True or false? Take this Fireworks Safety Quiz

Dazzling kaleidoscopes of color light up the skies over American cities and towns while whistles, pops, and booms reverberate in the air.

Celebrating the Fourth with fireworks is as American as barbecue and beer, but what’s often forgotten is that all those explosives are downright dangerous.

In 2016, according to the Consumer Products Safety Commission (CPSC), more than 11,000 people required medical treatment due to firework-related injuries. Although the number of fireworks-caused fatalities is low, injuries to skin, hands, head, and eyes are often severe and can lead to loss of limbs, blindness and lifelong scarring.

“When it comes to amateurs setting off fireworks, we have one word of advice—don’t,” said Stephanie Campbell, RN, Burn Program Manager at Parkland Health & Hospital System. “Our motto is ‘leave the shows to the pros’ and enjoy professional displays at a safe distance.”

Every year, Parkland’s ER and Regional Burn Center treat people injured by legally purchased firecrackers, sparklers, fountains, Roman candles, and bottle rockets, as well as by illegal fireworks like cherry bombs and products named M-80, M-100, and M-250, according to a recent news release.

“A surprising number of fireworks injuries are to toddlers and small children,” Campbell said. “Because their skin is more delicate, their burns can be even more devastating than those to adults. Eye injuries are another big risk to both kids and adults.”

To stay safe while you enjoy the festivities, Parkland staff encourages you to take this Fireworks Safety Quiz and share the facts with your family.

True or false?

Sparklers are safe for children.
A: False. Sparklers are the second leading cause of firework injuries requiring hospitalization and most of these injuries are to young children. Sparklers burn at a temperature high enough to melt glass or gold – more than 1,800 degrees Fahrenheit.

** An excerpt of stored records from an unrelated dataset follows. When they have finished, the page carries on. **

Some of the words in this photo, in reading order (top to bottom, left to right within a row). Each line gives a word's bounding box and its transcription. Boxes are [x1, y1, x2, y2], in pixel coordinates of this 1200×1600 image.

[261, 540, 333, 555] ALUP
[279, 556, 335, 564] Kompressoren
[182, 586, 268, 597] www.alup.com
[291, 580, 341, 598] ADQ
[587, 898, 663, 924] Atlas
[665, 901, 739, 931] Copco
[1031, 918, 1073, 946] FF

Homemade fireworks are safer than those you purchase.
A: False. Homemade fireworks can be even more dangerous than store-bought, statistics show. Insufficient knowledge about chemicals and explosives can lead to bad results, the CPSC states.

Only people setting off fireworks are at risk of eye injury.
A: False. Prevent Blindness estimates that bystanders receive nearly 40 percent of all firework injuries, many caused by ash, sparks, and cinders drifting into the eyes of onlookers. People setting off fireworks should wear eye goggles to protect their eyes from exploding particles.

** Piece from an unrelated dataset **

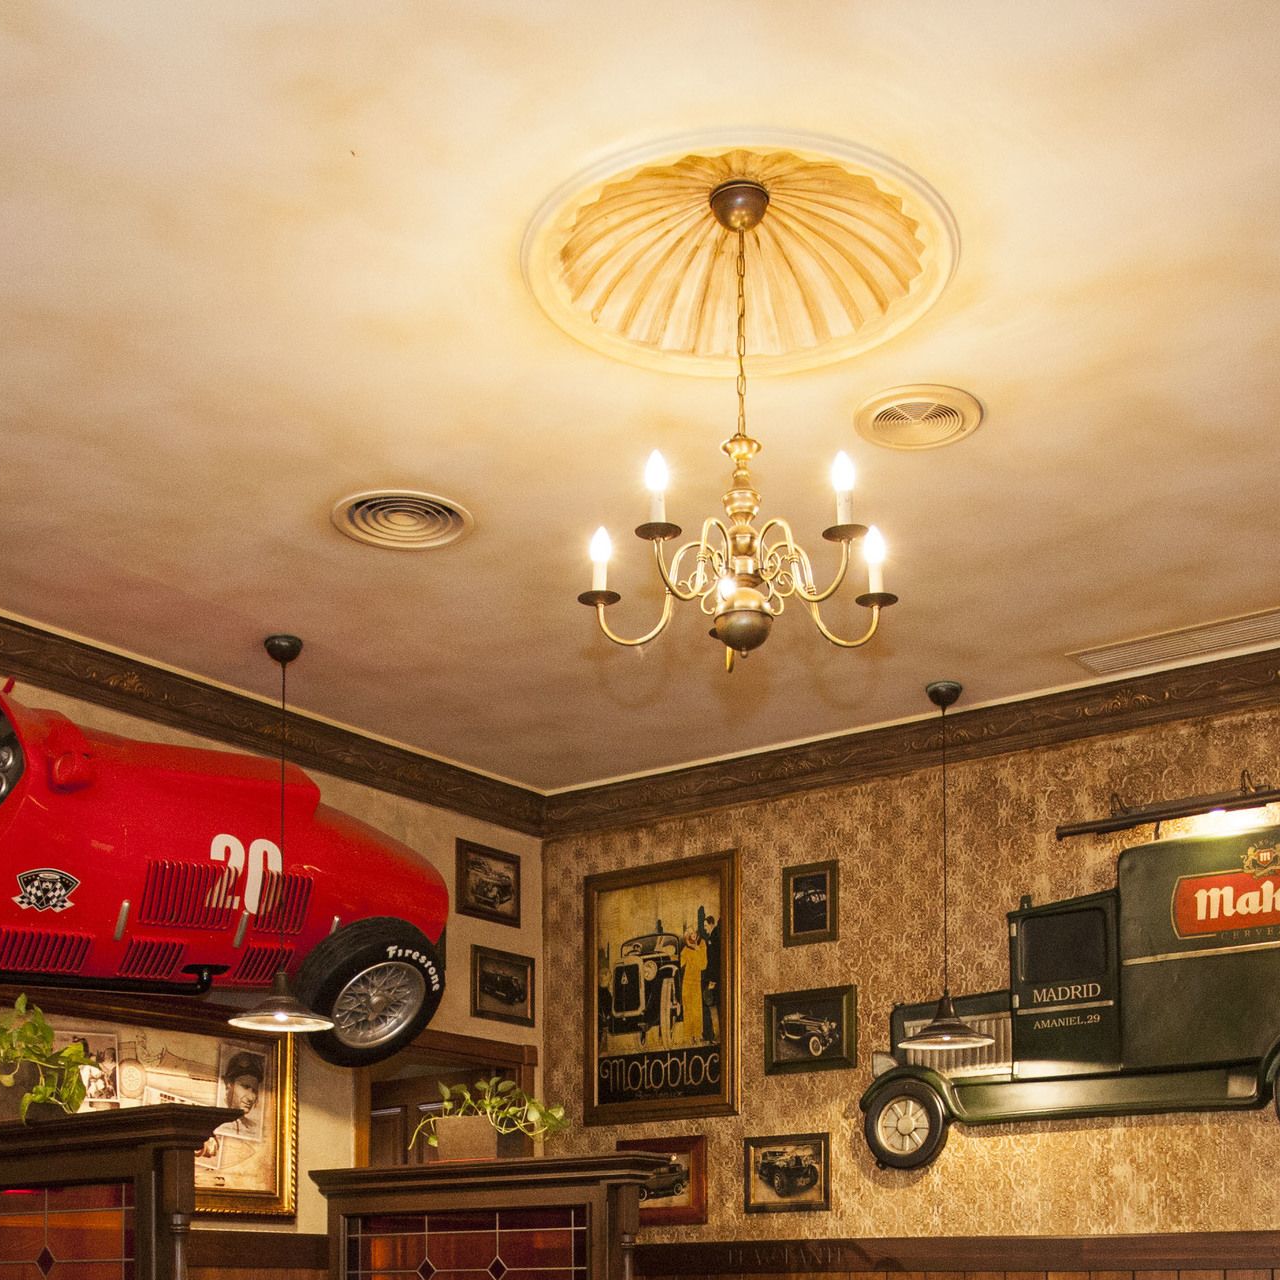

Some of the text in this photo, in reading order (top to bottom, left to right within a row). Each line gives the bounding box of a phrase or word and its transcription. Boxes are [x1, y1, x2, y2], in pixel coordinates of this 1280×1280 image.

Firework injuries most often happen to males.
A: True. Men ages 22 to 24 and boys ages 12 to 14 are the most frequently injured.

Firework injuries only happen during Fourth of July celebrations.
A: False. Firework-related injuries also happen during Labor Day, New Year’s Eve and Christmas holidays and are most common throughout the entire month of July.

Only careless adults or unsupervised children are injured by fireworks.
A: False. Even professional pyro-technicians are sometimes injured. “Fireworks are unpredictable and aren’t safe for children, even if supervised by adults. The best way to avoid injury is not to use fireworks at all,” Campbell said.

Unexploded fireworks should not be touched.
A: True. If you find any unexploded firework, contact your local police or fire department immediately. Never try to relight malfunctioning fireworks.

If you are burned while handling fireworks, rub butter or mayonnaise on your skin.
A: False. Don’t apply ointments, butter or steroidal salves to burns because they seal in the heat. The American Burn Association recommends seeking medical attention for any second-degree burn larger than 2-3 inches or a third-degree burn of any size.

Hearing loss is another potential risk of fireworks.
A: True. Hearing loss caused by the loud bang of an exploding firework can be temporary or permanent. Even bystanders who are too close when the firework detonates can suffer hearing loss.

More fireworks safety tips from Parkland Burn Center staff:

  • Never use fireworks while impaired by alcohol or drugs
  • Wear protective eyewear and clothing if using fireworks or standing nearby
  • Never light fireworks indoors, near buildings or flammable materials like dry grass
  • Soak unused fireworks in water for a few hours after discarding
  • Keep a bucket of water or fire extinguisher nearby in case of fire
  • In case of a burn, call 911 or seek medical attention, preferably at a specialized burn center that is experienced in evaluating and treating burn injuries.